- _WHAT IS REQUIRED_
The entries are to be repeated exactly, with all pictures omitted.

(Extracted data entries)
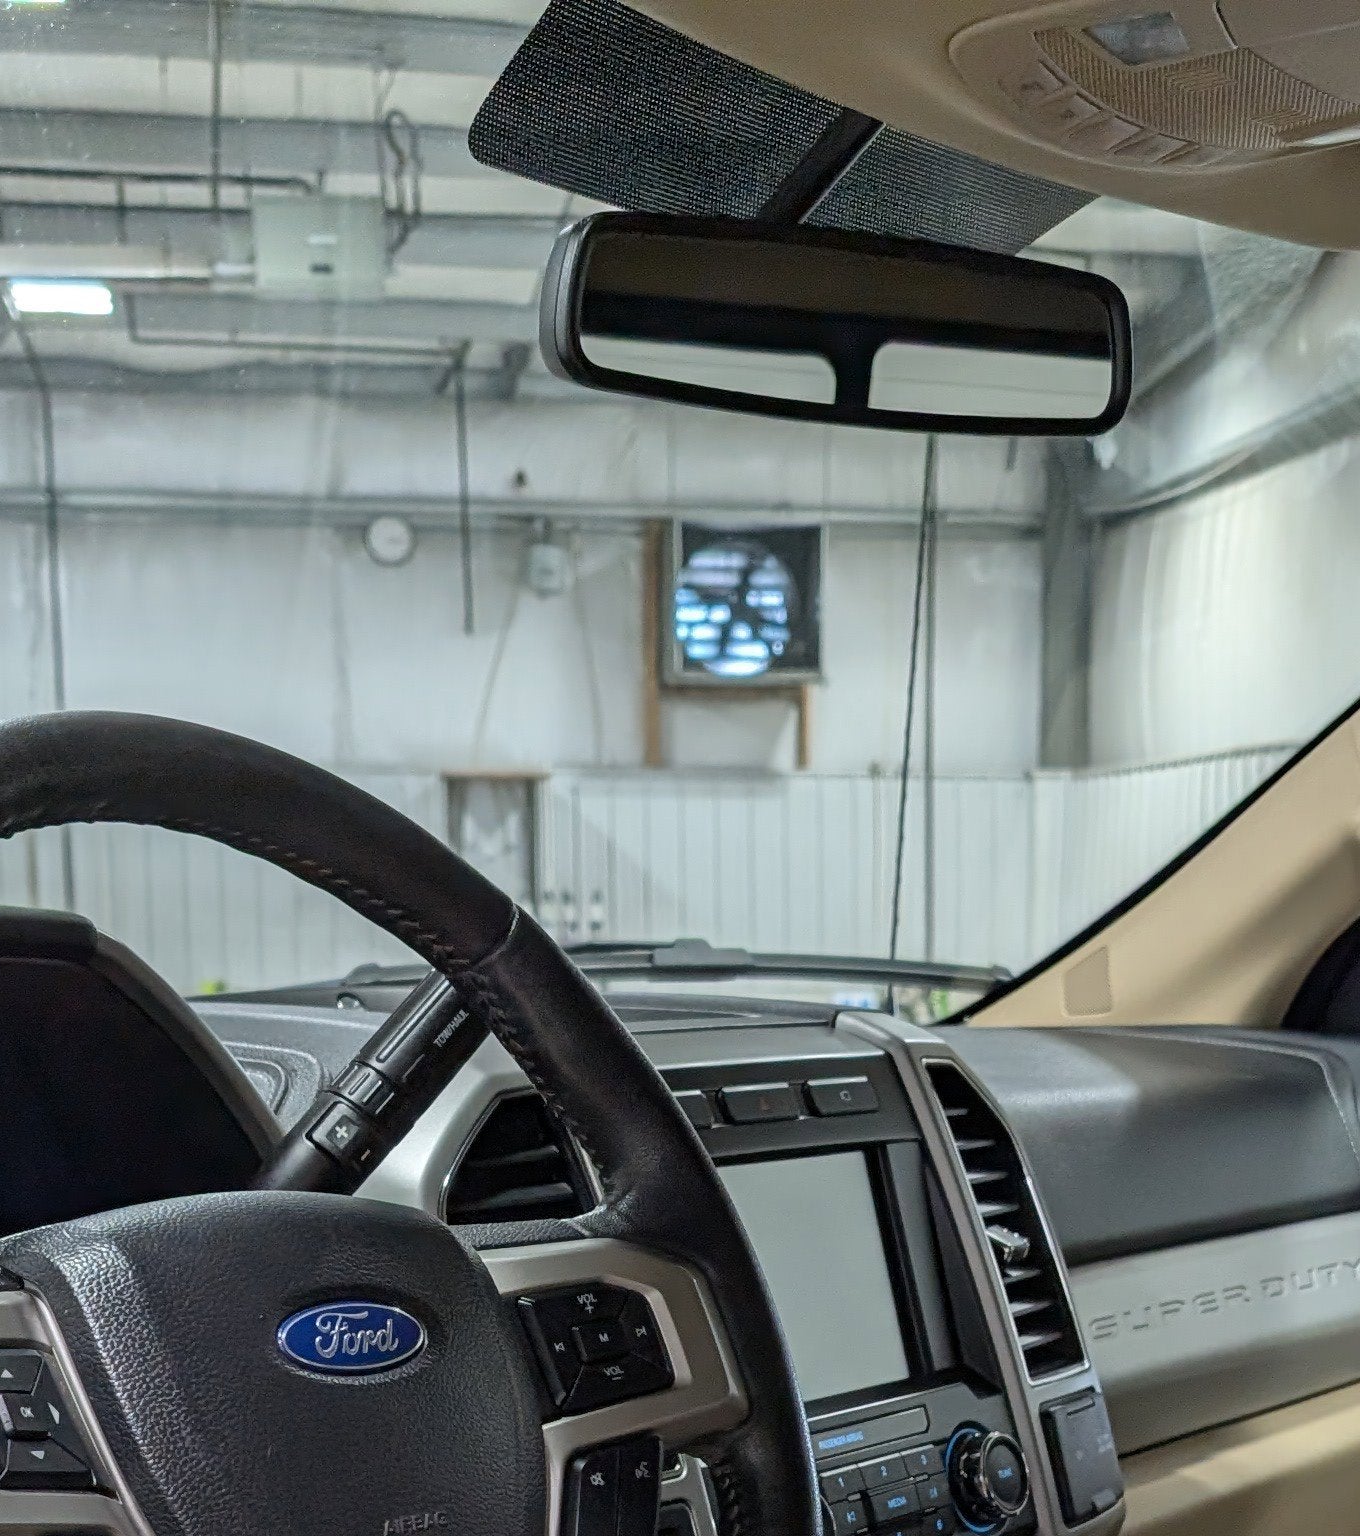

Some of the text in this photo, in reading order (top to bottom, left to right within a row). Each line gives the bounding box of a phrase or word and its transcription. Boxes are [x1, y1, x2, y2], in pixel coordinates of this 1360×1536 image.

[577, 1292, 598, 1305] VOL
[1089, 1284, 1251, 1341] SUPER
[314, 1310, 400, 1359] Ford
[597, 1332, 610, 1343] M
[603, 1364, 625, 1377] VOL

- _TASK SOLUTION_
Some of the text in this photo, in reading order (top to bottom, left to right within a row). Each line gives the bounding box of a phrase or word and its transcription. Boxes are [x1, y1, x2, y2], in pixel coordinates of this 1360×1536 image.

[577, 1292, 598, 1305] VOL
[1089, 1284, 1251, 1341] SUPER
[314, 1310, 400, 1359] Ford
[597, 1332, 610, 1343] M
[603, 1364, 625, 1377] VOL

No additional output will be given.